Voice Agents

Voice agents run on either a pipeline (STT+LLM+TTS, 800ms–2s, most production) or a native multimodal model (GPT-4o Realtime/Gemini Live, 200–500ms); LiveKit Agents v1.5 is the leading open-source framework, VAPI/Retell for managed deployment.

Voice agents turn LLMs into real-time conversational systems. The stack has two distinct shapes — a composable pipeline of specialist models, or a single model that processes audio natively end-to-end. The right choice depends on latency requirements, debuggability needs, and infrastructure appetite.
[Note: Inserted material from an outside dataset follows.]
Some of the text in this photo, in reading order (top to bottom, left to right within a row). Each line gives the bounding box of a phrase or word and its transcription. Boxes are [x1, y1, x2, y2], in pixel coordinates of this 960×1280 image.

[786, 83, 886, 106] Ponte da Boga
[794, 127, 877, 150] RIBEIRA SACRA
Architecture 1: Pipeline (STT → LLM → TTS)

The dominant production pattern. Three independent stages connected by text buffers.

Microphone → VAD → STT → LLM (streaming) → sentence buffer → TTS → Speaker
                                          ↑
                               Interruption detection clears queue here

Stages:

StageOptionsLatency contribution
STTDeepgram Nova-3 (streaming), Whisper (batch), faster-whisper50–150ms
LLMClaude Haiku, GPT-4o-mini, Llama 3 (Groq LPU)100–400ms (first token)
TTSElevenLabs Turbo v2.5, Cartesia, Kokoro (open-source), OpenAI TTS100–200ms
Total E2E800ms–2s

Latency optimisation: Stream all three stages concurrently. Start TTS synthesis at the first sentence boundary (., !, ?) rather than waiting for the LLM to finish. Pre-warm TTS connections. Use fastest models per stage (Deepgram > Whisper API for streaming; Haiku/GPT-4o-mini > larger models for TTFT).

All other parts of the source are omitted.